Threats to Marine Ecosystems and Conservation of the Marine Environment

This collection of articles focusses on SDG 14 (life below water). Every coastal State, including several members of G20, face threats to marine ecosystems and the environment as complex societal, economic and governance challenges. Ocean management involves multi-disciplinary science and complex issues of policy design, while implementation demands consultative decision making and long term capacity development. In order to achieve sustainable development and conservation goals, we must improve the integration of science into marine policy, whilst achieving social and economic inclusivity and diversity. From coastal systems where human activities are layered in ocean space, to remote oceanic systems, management faces complex challenges in identifying and quantifying  trade-offs between conservation and sectoral interests.

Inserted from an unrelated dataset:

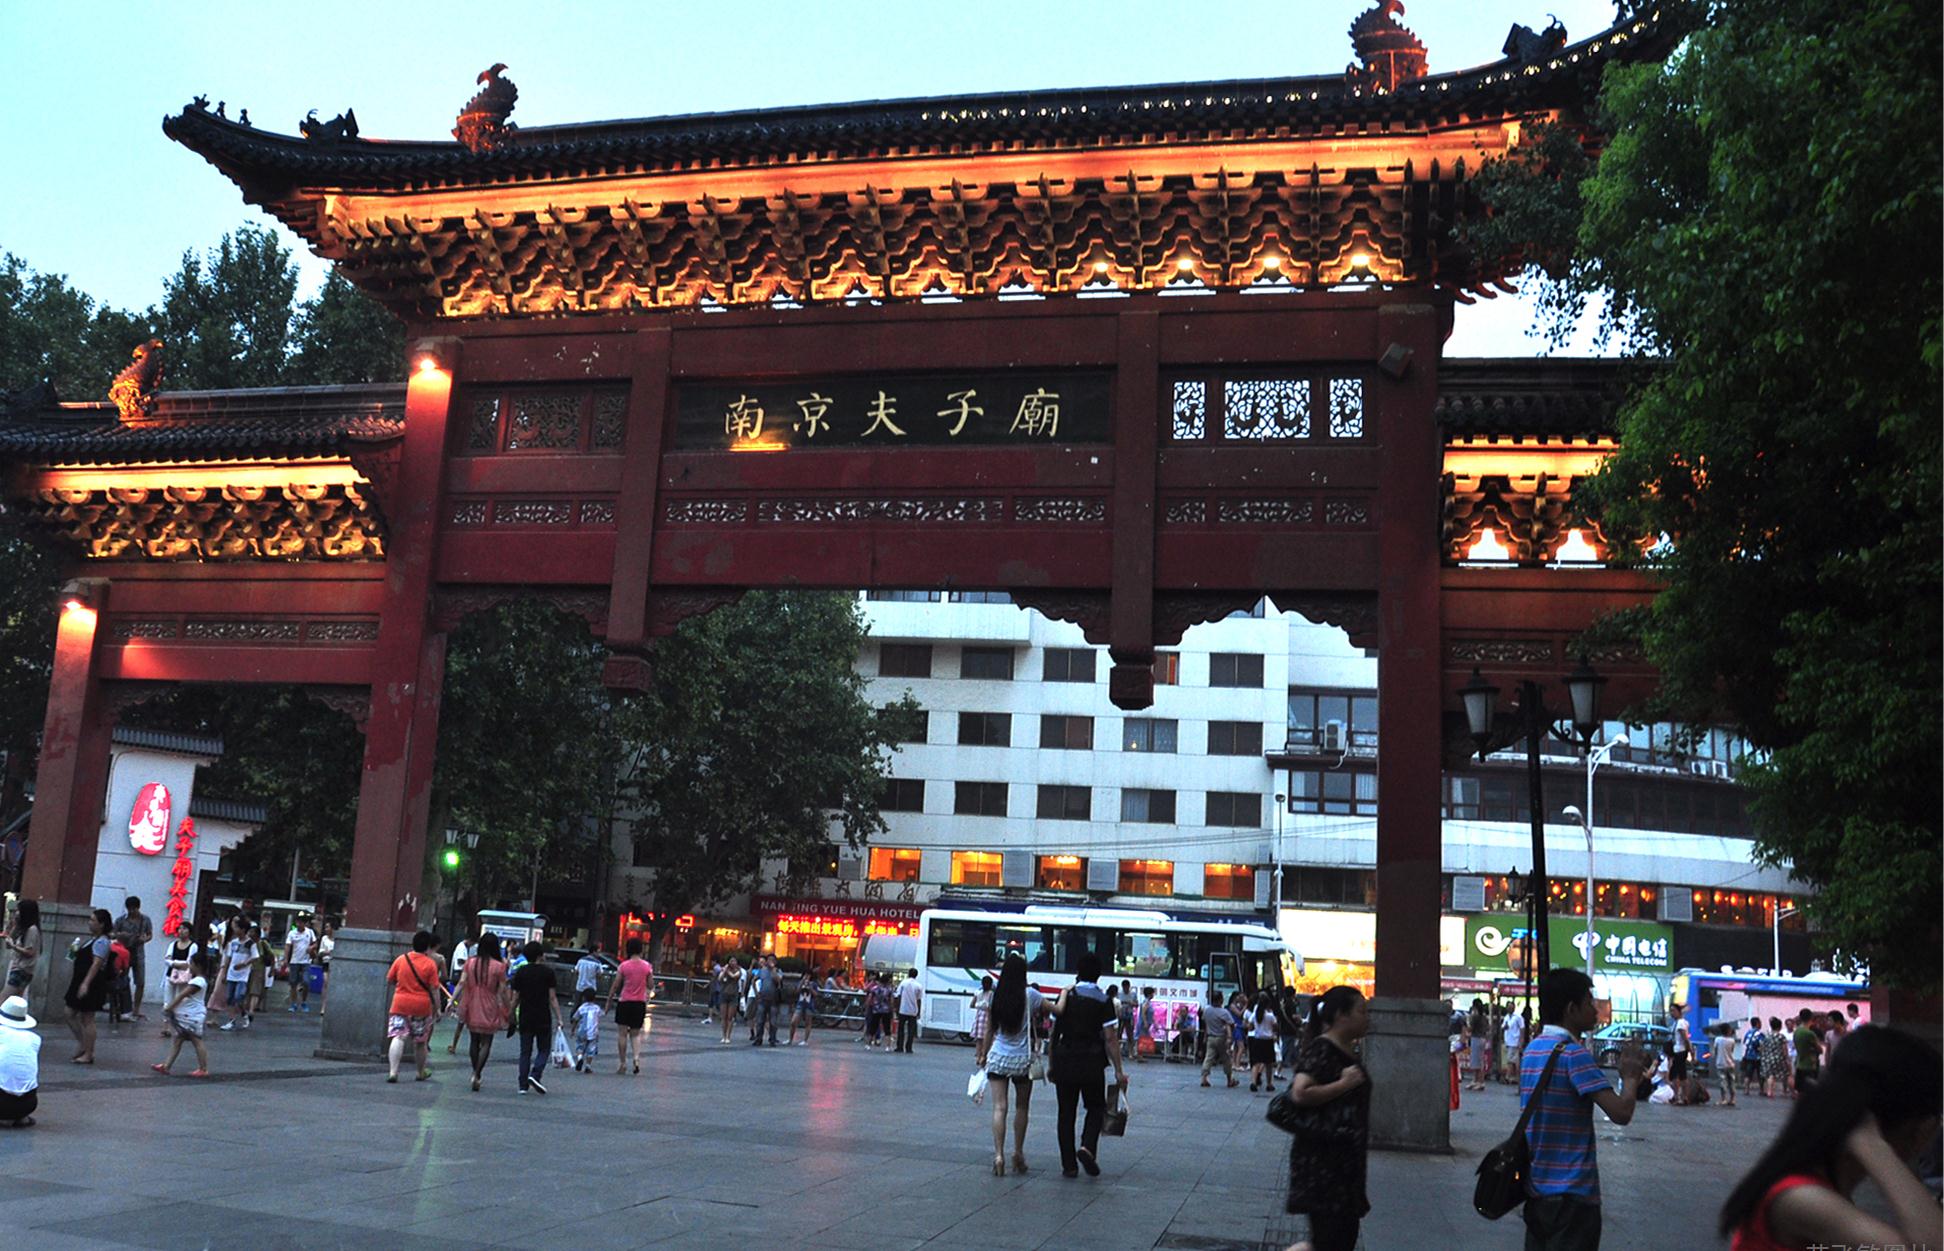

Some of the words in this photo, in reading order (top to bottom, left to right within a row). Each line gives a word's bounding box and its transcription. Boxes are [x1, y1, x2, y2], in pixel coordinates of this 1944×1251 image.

In this special collection, we have selected articles published in Elsevier’s peer-reviewed journals that showcase the current issues of marine environment and policies. Topics that are covered include marine pollution, climate change impact on ocean, UN Sustainable Development Goals, coastal management, fisheries management and high seas governance, with several articles dedicated to highlighting the latest scientific developments on these issues from Japan. The articles were selected in consultation with ocean experts of the Nippon Foundation Nereus Program, an interdisciplinary global research network.

Elsevier, Marine Policy, Volume 96, October 2018
This study reports plastic debris pollution in the deep-sea based on the information from a recently developed database. The Global Oceanographic Data Center (GODAC) of the Japan Agency for Marine-Earth Science and Technology (JAMSTEC) launched the Deep-sea Debris Database for public use in March 2017. The database archives photographs and videos of debris that have been collected since 1983 by deep-sea submersibles and remotely operated vehicles. From the 5010 dives in the database, 3425 man-made debris items were counted.